What is needed is a word-for-word copy of all the entries, minus the pictures.

..............................

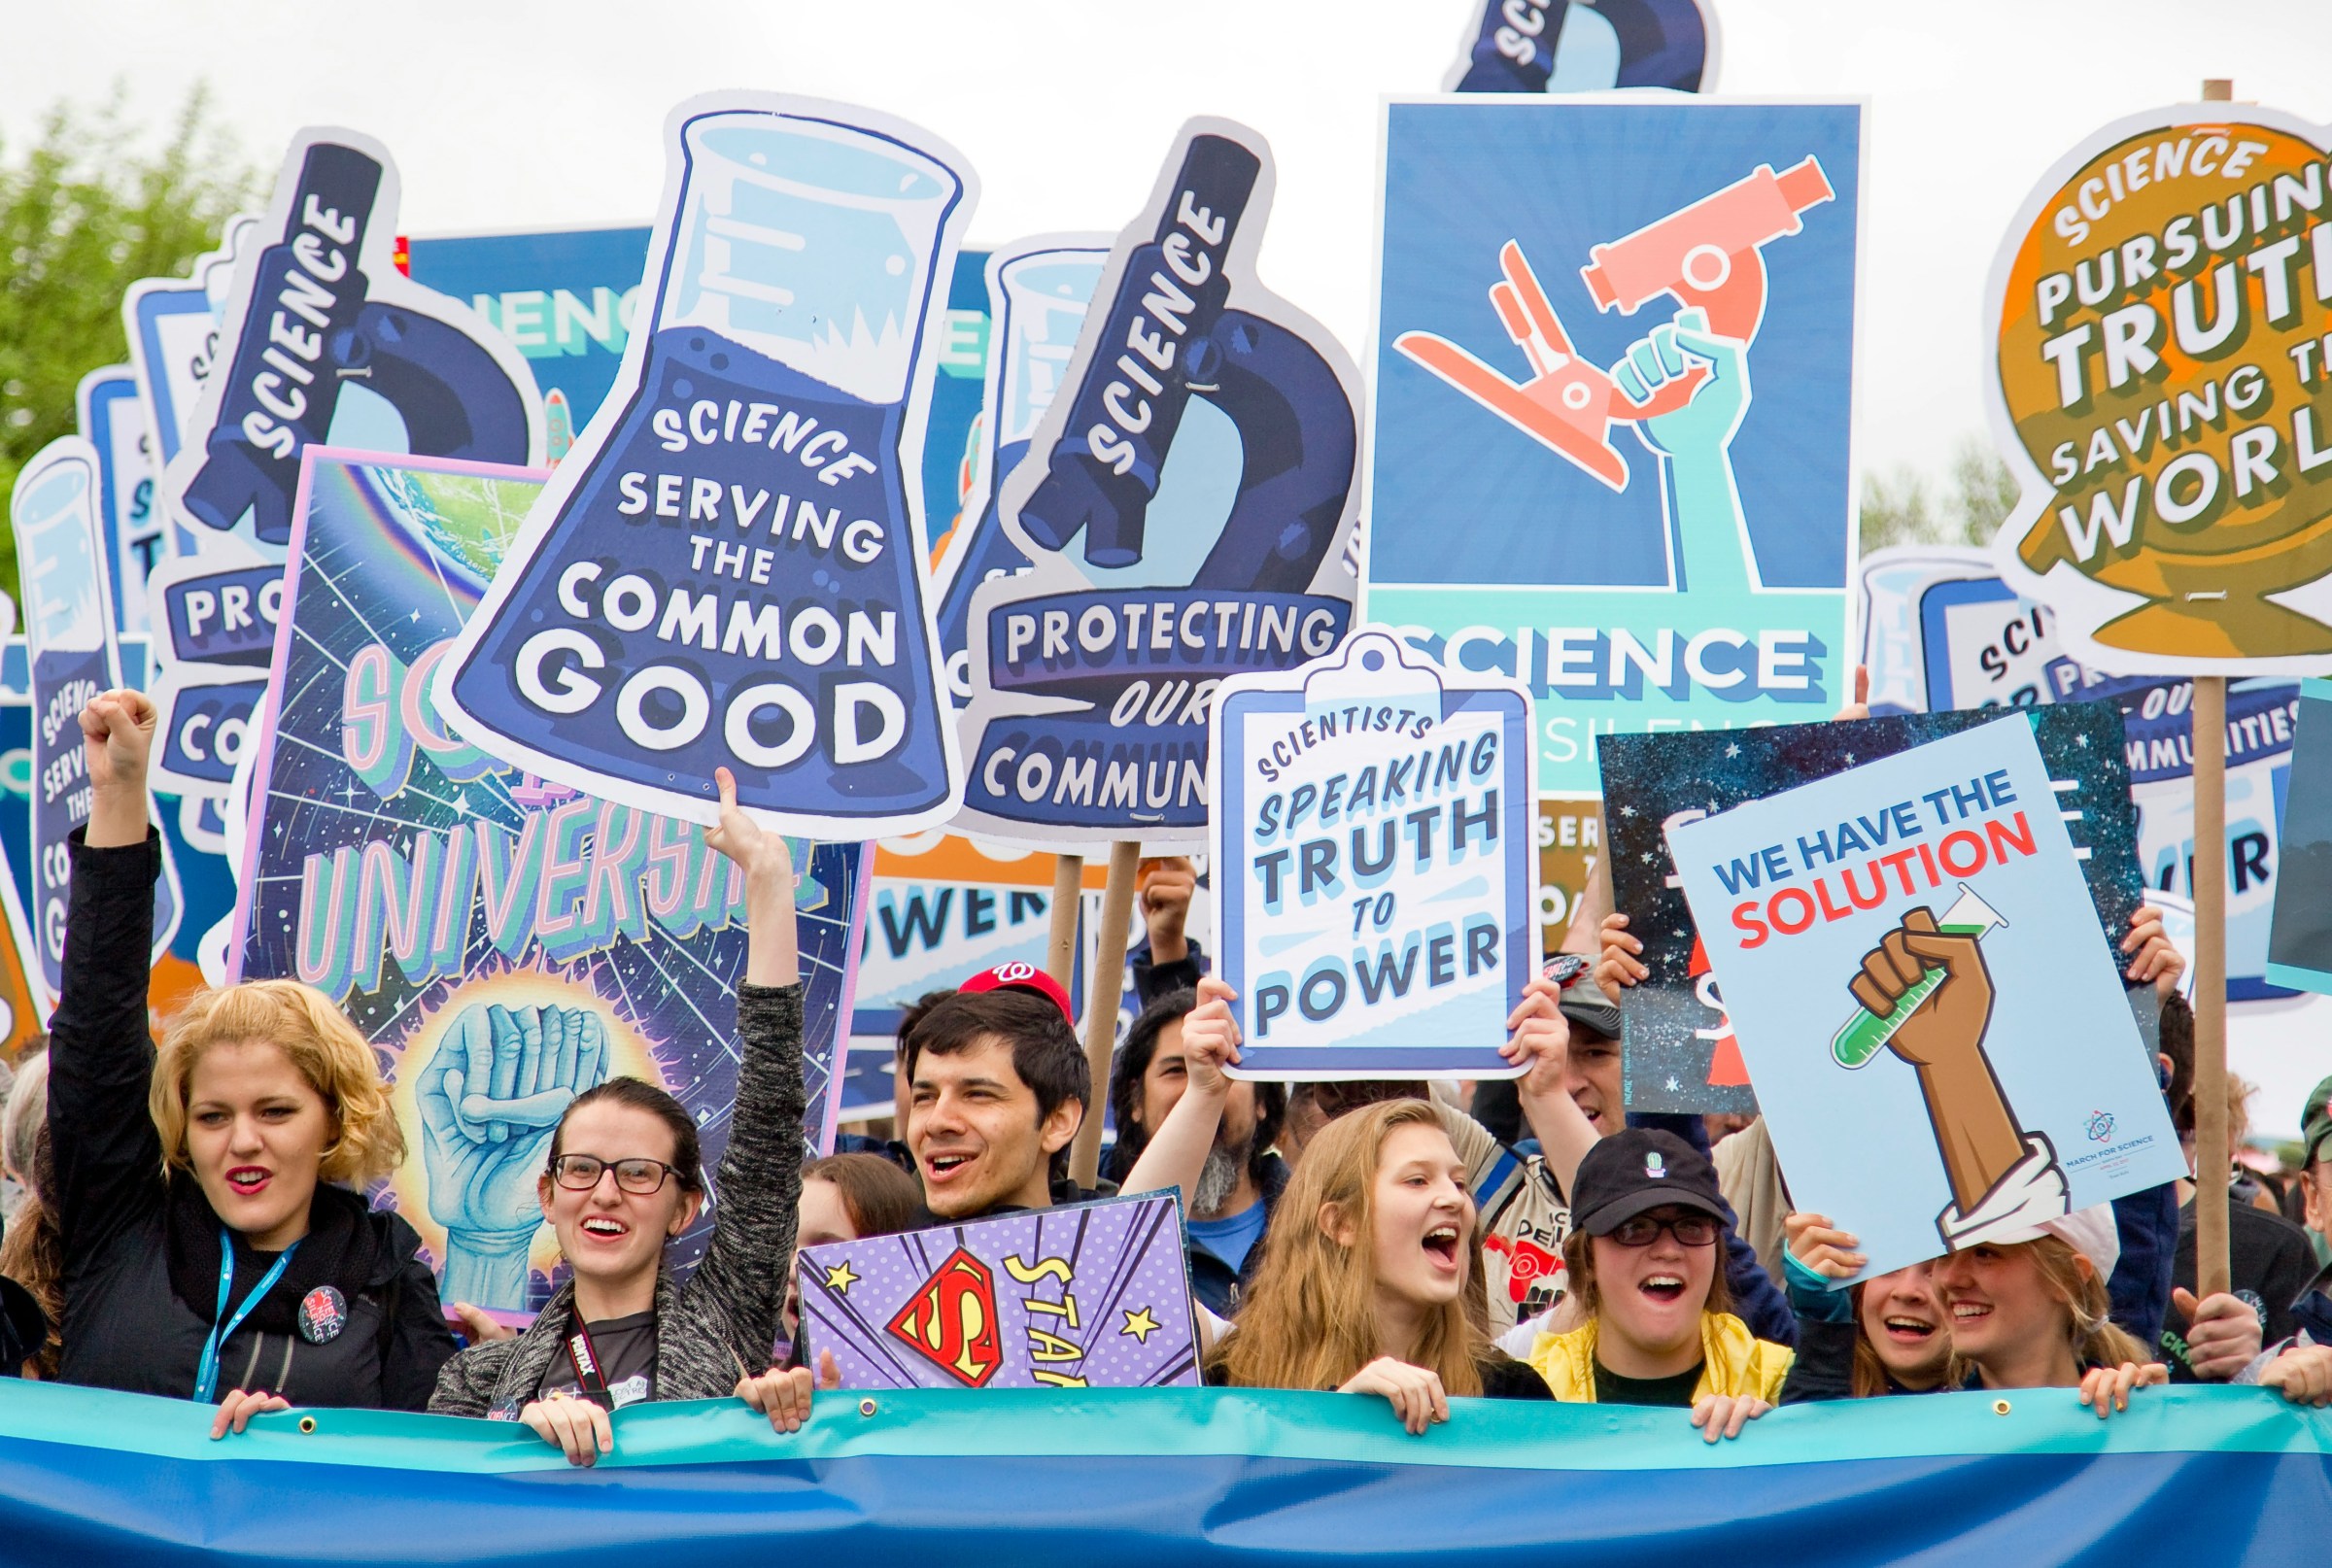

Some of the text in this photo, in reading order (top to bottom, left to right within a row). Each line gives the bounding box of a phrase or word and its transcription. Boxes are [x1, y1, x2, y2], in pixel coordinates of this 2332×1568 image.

[2053, 134, 2269, 247] SCIENCE
[2036, 159, 2332, 326] PURSUIN
[241, 193, 355, 460] SCIENCE
[1086, 190, 1226, 476] SCIENCE
[652, 399, 877, 488] SCIENCE
[2051, 364, 2266, 486] SAVING
[618, 471, 885, 564] SERVING
[690, 535, 775, 585] THE
[557, 560, 897, 667] COMMON
[1007, 600, 1337, 665] PROTECTING
[1395, 624, 1811, 690] SCIENCE
[515, 628, 907, 768] GOOD
[1110, 679, 1213, 727] OUR
[1258, 705, 1433, 783] SCIENTISTS
[1254, 731, 1499, 837] SPEAKING
[1254, 789, 1499, 904] TRUTH
[1712, 850, 1789, 896] WE
[1795, 801, 1922, 871] HAVE
[1922, 768, 2018, 825] THE
[1353, 891, 1396, 933] TO
[1731, 810, 2039, 950] SOLUTION
[1255, 923, 1500, 1038] POWER
[2067, 1154, 2097, 1167] MARCH
[2099, 1147, 2116, 1157] FOR
[2117, 1135, 2154, 1151] SCIENCE
[306, 1298, 324, 1343] SILENCE
[317, 1306, 327, 1327] NOT
[320, 1289, 339, 1339] SCIENCE
[569, 1334, 596, 1377] PENTAX
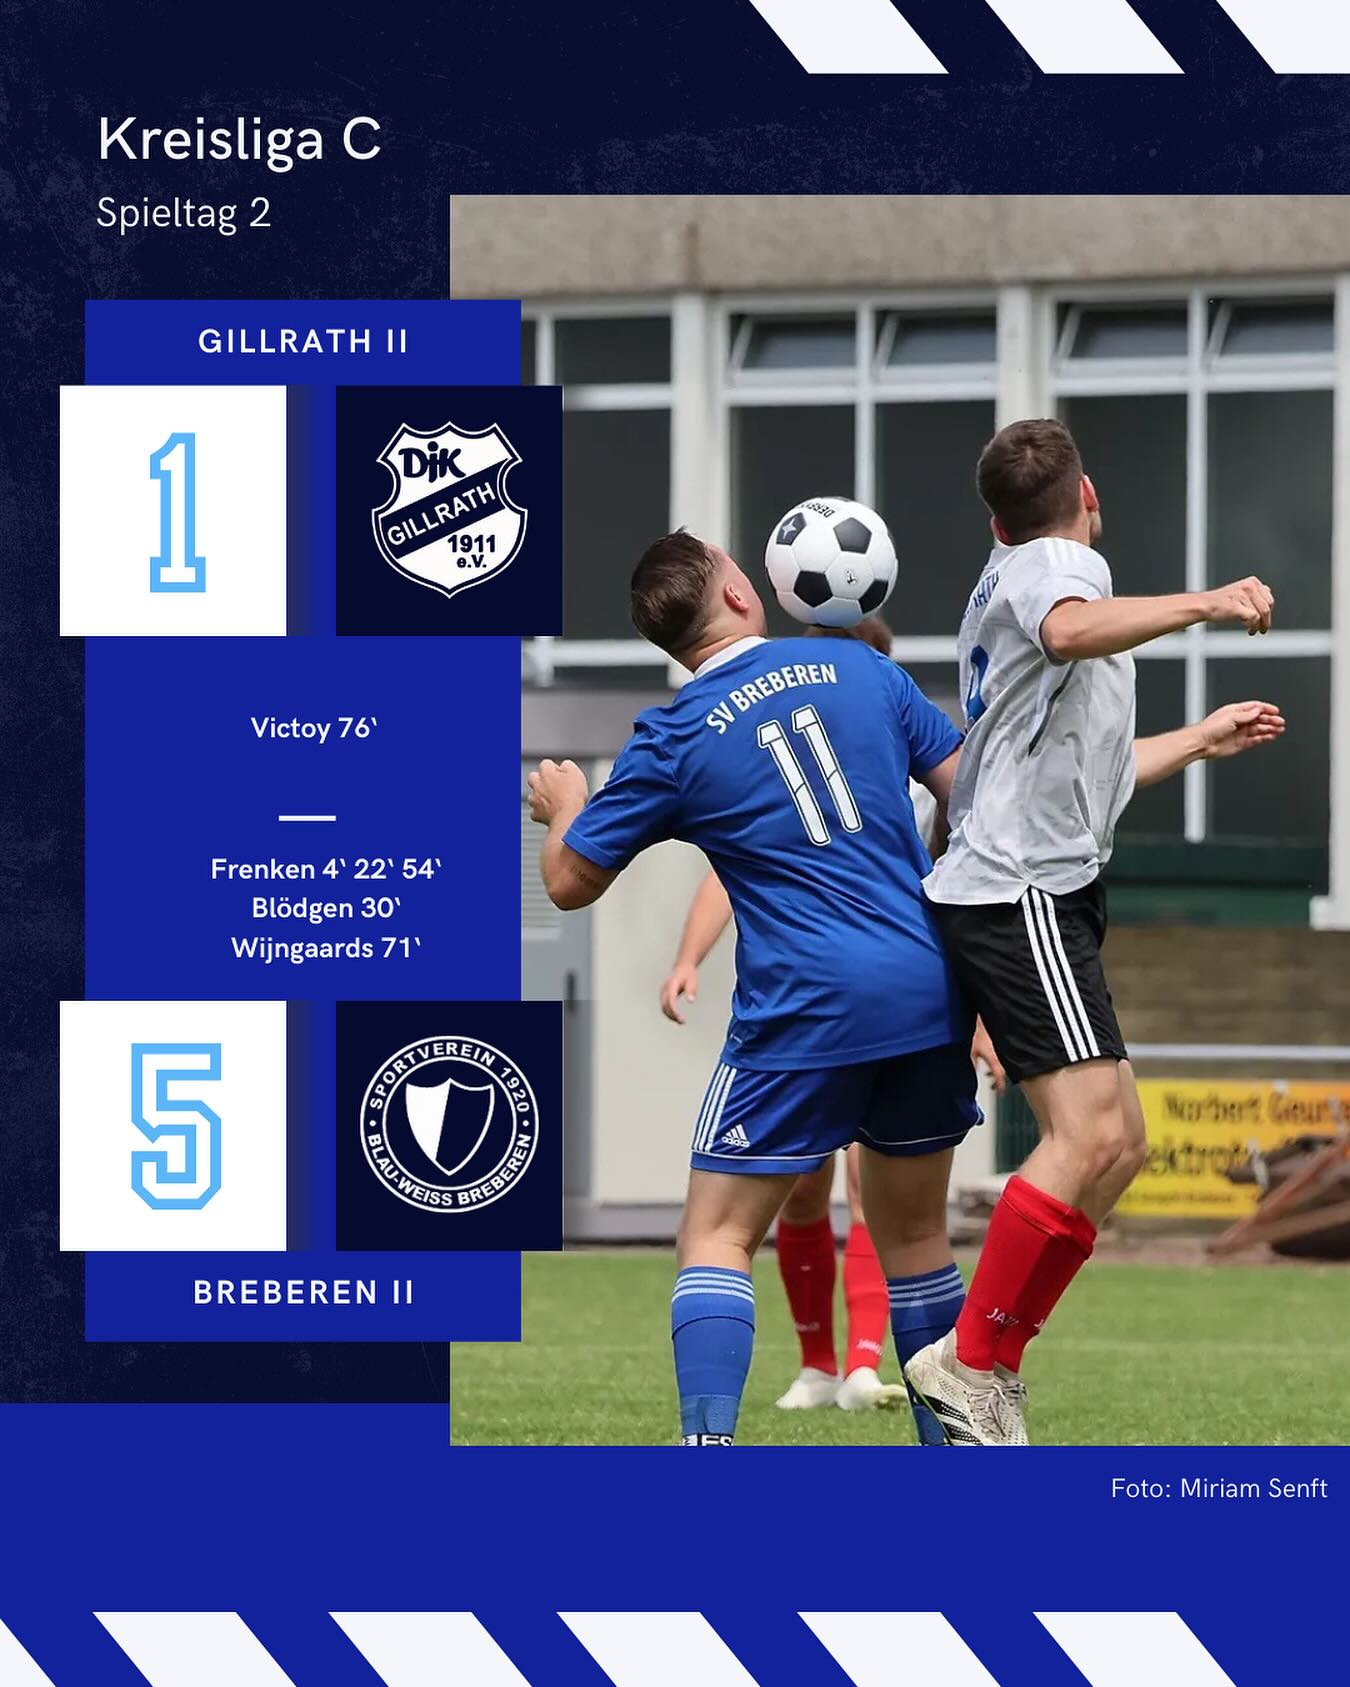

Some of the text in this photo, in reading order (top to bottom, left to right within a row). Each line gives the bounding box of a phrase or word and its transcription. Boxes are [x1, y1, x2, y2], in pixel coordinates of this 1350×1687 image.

..............................

- _Task response_
Some of the text in this photo, in reading order (top to bottom, left to right within a row). Each line gives the bounding box of a phrase or word and its transcription. Boxes are [x1, y1, x2, y2], in pixel coordinates of this 2332×1568 image.

[2053, 134, 2269, 247] SCIENCE
[2036, 159, 2332, 326] PURSUIN
[241, 193, 355, 460] SCIENCE
[1086, 190, 1226, 476] SCIENCE
[652, 399, 877, 488] SCIENCE
[2051, 364, 2266, 486] SAVING
[618, 471, 885, 564] SERVING
[690, 535, 775, 585] THE
[557, 560, 897, 667] COMMON
[1007, 600, 1337, 665] PROTECTING
[1395, 624, 1811, 690] SCIENCE
[515, 628, 907, 768] GOOD
[1110, 679, 1213, 727] OUR
[1258, 705, 1433, 783] SCIENTISTS
[1254, 731, 1499, 837] SPEAKING
[1254, 789, 1499, 904] TRUTH
[1712, 850, 1789, 896] WE
[1795, 801, 1922, 871] HAVE
[1922, 768, 2018, 825] THE
[1353, 891, 1396, 933] TO
[1731, 810, 2039, 950] SOLUTION
[1255, 923, 1500, 1038] POWER
[2067, 1154, 2097, 1167] MARCH
[2099, 1147, 2116, 1157] FOR
[2117, 1135, 2154, 1151] SCIENCE
[306, 1298, 324, 1343] SILENCE
[317, 1306, 327, 1327] NOT
[320, 1289, 339, 1339] SCIENCE
[569, 1334, 596, 1377] PENTAX

Some of the text in this photo, in reading order (top to bottom, left to right within a row). Each line gives the bounding box of a phrase or word and its transcription. Boxes are [x1, y1, x2, y2], in pixel coordinates of this 1350×1687 image.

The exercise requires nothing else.